Problem:
Your output should be the lines below from the one holding "this 1280×1277 image." through the one holding "this 1600×1200 image.", transcribed exactly, with no pictures.

Material provided:
Start of Block
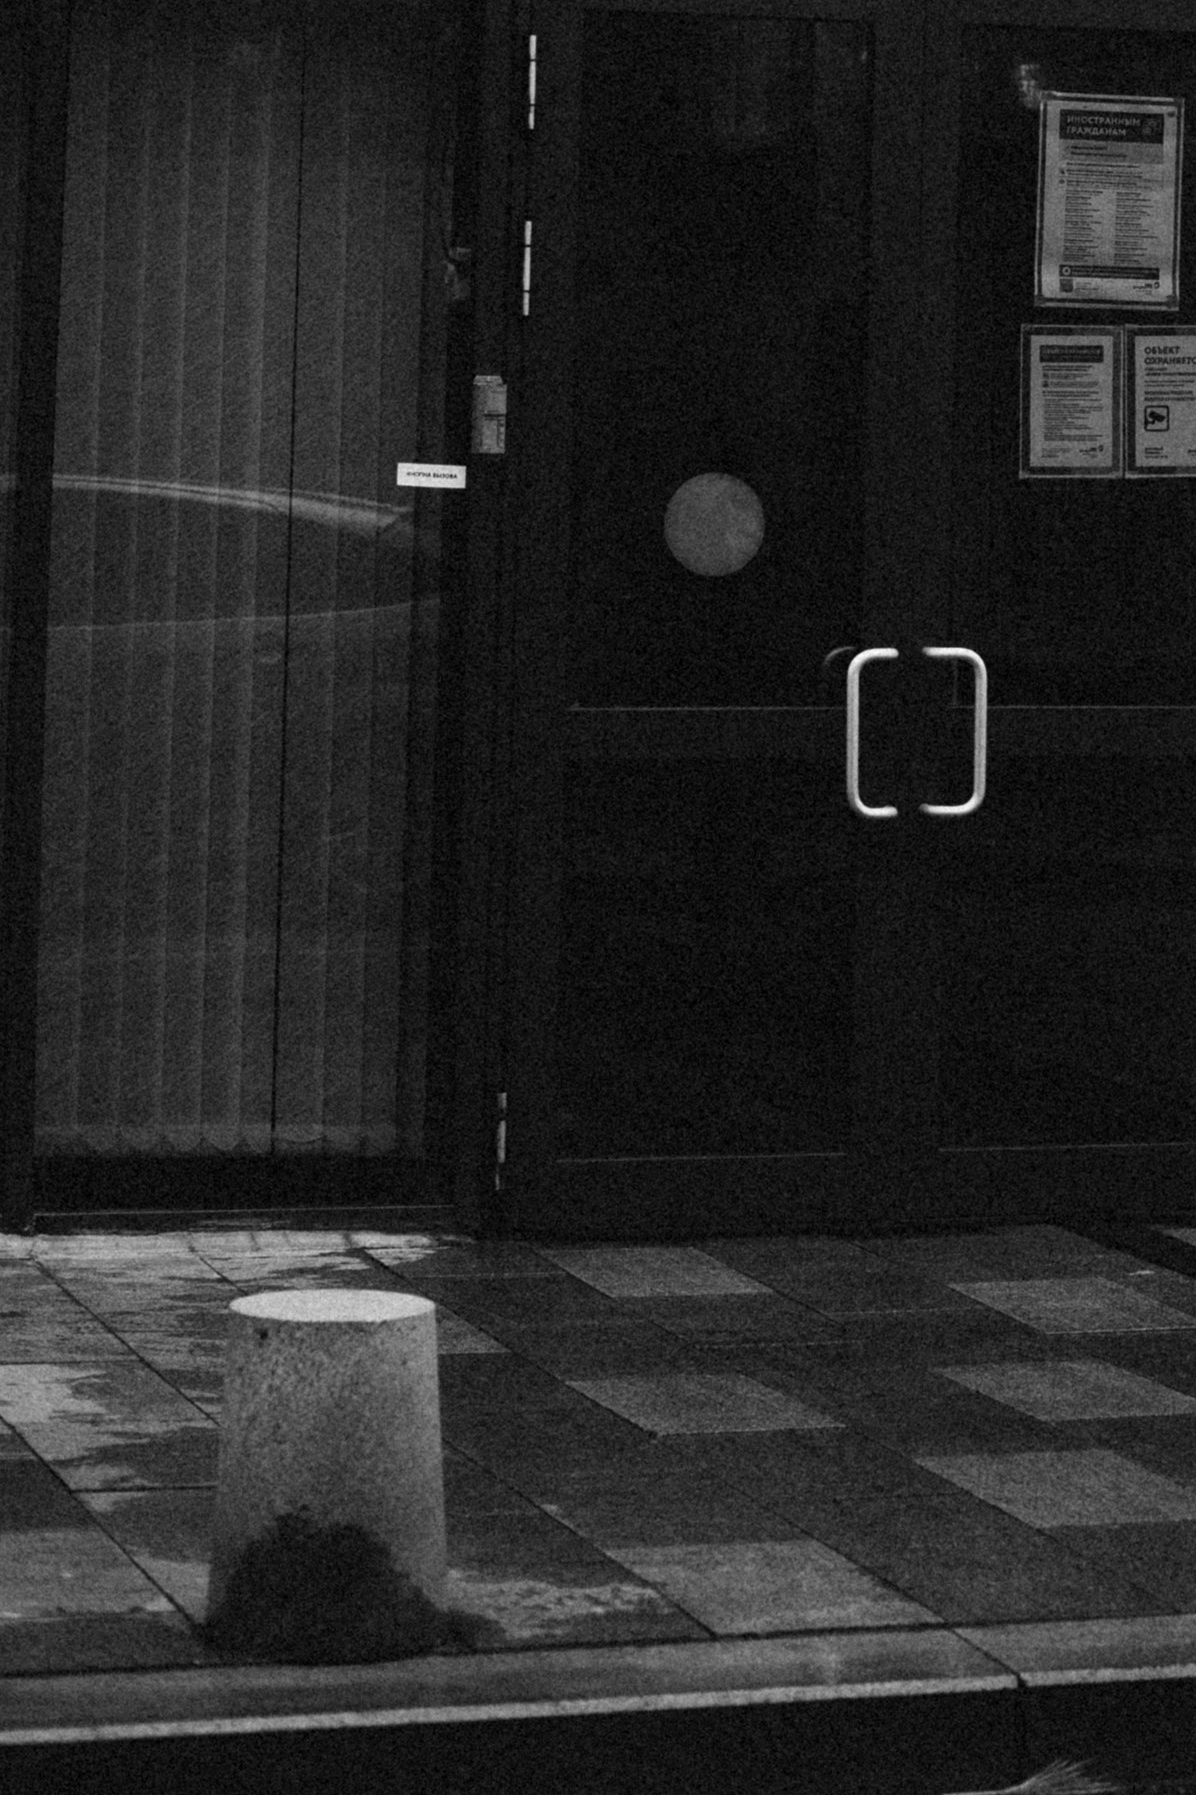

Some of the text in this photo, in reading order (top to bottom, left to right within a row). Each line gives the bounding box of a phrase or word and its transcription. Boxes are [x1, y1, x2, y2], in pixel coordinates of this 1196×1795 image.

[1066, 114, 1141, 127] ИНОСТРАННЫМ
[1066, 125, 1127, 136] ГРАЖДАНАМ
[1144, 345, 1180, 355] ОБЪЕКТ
End of Block
Start of Block
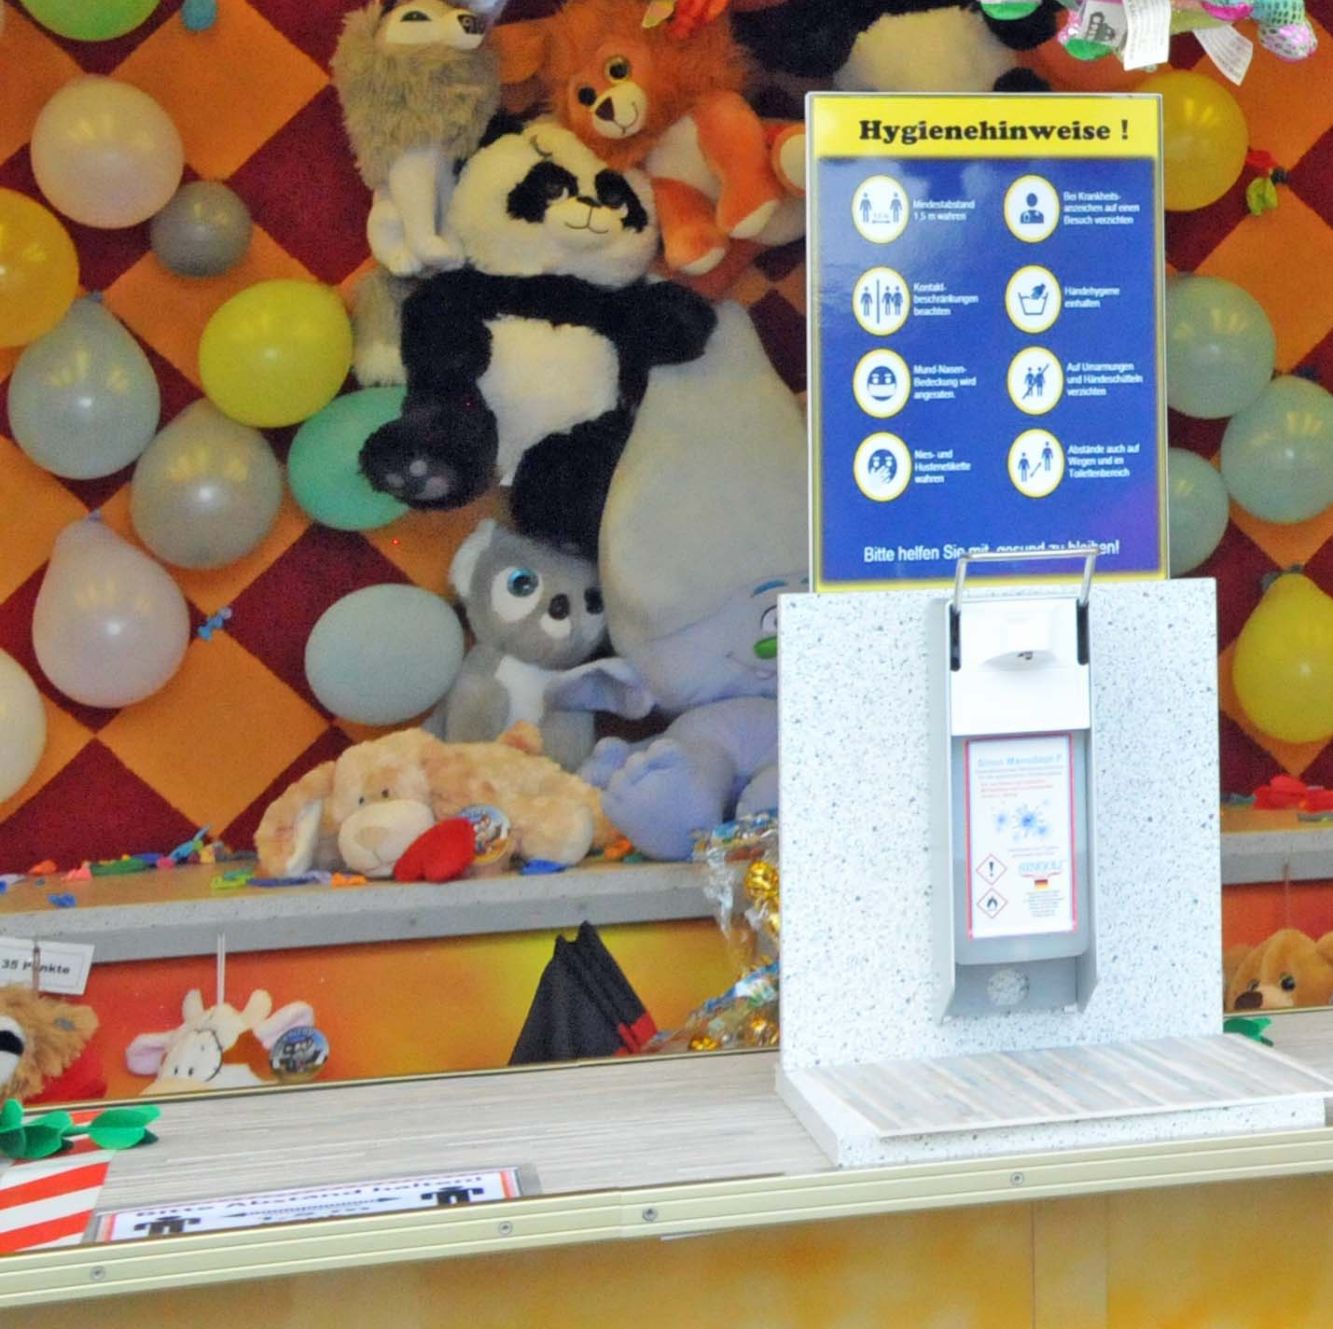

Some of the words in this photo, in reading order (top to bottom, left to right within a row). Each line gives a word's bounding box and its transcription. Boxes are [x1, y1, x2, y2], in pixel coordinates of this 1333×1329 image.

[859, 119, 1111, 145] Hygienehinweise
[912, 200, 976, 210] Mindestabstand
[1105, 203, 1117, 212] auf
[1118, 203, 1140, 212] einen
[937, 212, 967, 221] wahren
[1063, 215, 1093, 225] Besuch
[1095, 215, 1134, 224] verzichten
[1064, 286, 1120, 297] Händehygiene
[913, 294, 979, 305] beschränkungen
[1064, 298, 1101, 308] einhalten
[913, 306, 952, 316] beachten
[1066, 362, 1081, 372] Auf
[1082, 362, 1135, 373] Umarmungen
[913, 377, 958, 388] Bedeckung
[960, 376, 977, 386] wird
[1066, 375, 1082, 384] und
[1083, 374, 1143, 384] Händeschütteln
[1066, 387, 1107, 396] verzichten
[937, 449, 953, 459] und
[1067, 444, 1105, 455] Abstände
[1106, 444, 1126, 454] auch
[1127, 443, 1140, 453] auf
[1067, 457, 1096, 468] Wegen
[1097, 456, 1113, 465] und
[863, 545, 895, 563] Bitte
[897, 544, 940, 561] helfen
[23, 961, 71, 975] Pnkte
End of Block
Start of Block
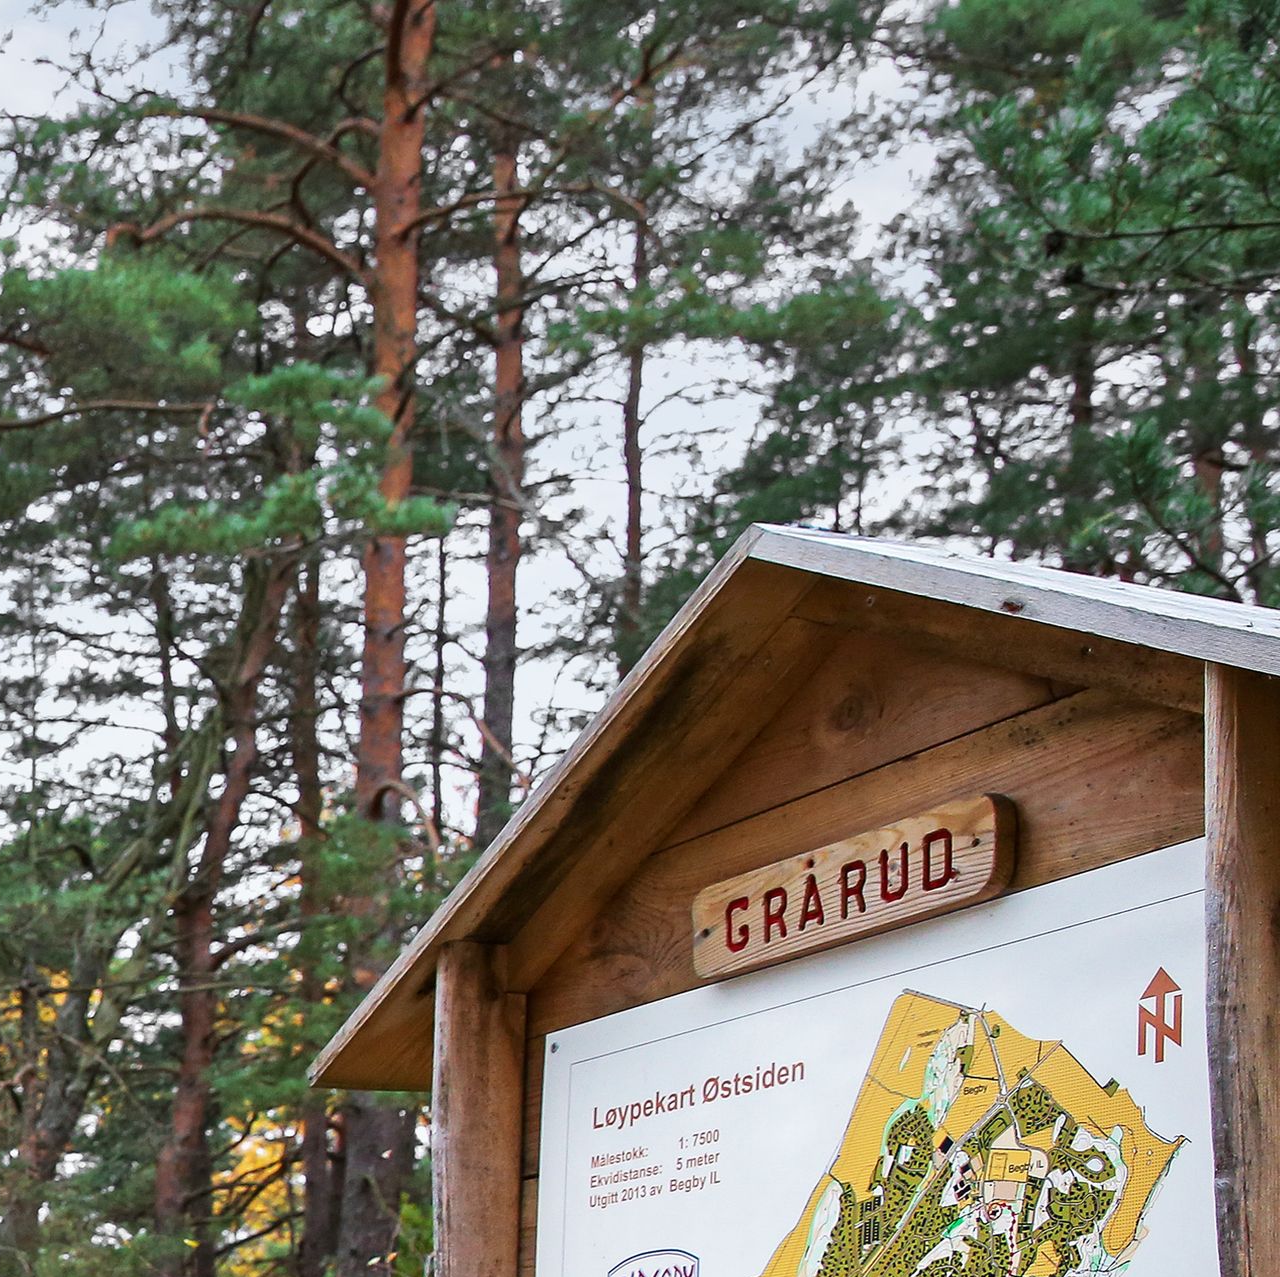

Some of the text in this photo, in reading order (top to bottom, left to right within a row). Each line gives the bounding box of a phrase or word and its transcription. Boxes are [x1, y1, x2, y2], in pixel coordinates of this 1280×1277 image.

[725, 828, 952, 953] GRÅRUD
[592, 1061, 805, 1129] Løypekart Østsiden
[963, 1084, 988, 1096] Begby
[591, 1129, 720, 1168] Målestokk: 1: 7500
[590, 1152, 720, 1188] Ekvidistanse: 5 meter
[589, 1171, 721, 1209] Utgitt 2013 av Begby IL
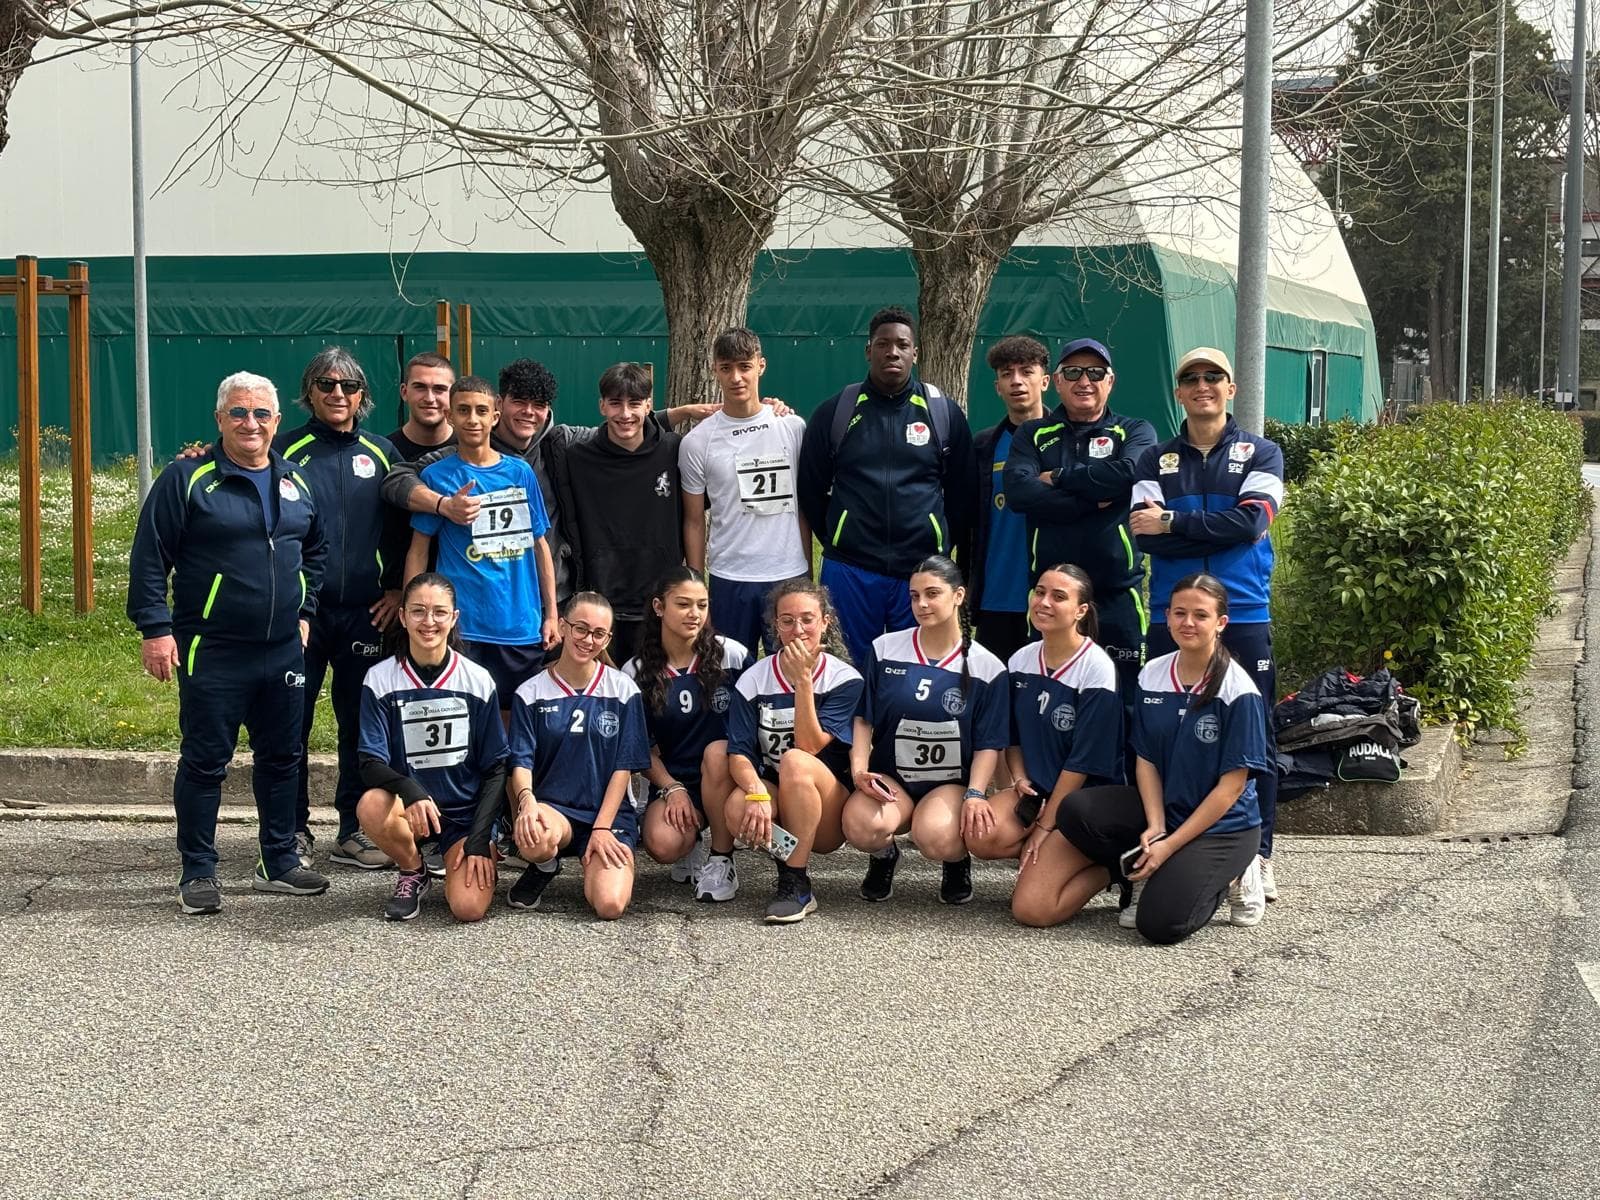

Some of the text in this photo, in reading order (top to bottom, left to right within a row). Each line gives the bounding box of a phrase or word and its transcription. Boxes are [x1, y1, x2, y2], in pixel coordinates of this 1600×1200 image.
End of Block
Reply:
Some of the text in this photo, in reading order (top to bottom, left to right within a row). Each line gives the bounding box of a phrase or word and its transcription. Boxes are [x1, y1, x2, y2], in pixel coordinates of this 1280×1277 image.

[725, 828, 952, 953] GRÅRUD
[592, 1061, 805, 1129] Løypekart Østsiden
[963, 1084, 988, 1096] Begby
[591, 1129, 720, 1168] Målestokk: 1: 7500
[590, 1152, 720, 1188] Ekvidistanse: 5 meter
[589, 1171, 721, 1209] Utgitt 2013 av Begby IL

Some of the text in this photo, in reading order (top to bottom, left to right within a row). Each line gives the bounding box of a phrase or word and its transcription. Boxes are [x1, y1, x2, y2], in pixel coordinates of this 1600×1200 image.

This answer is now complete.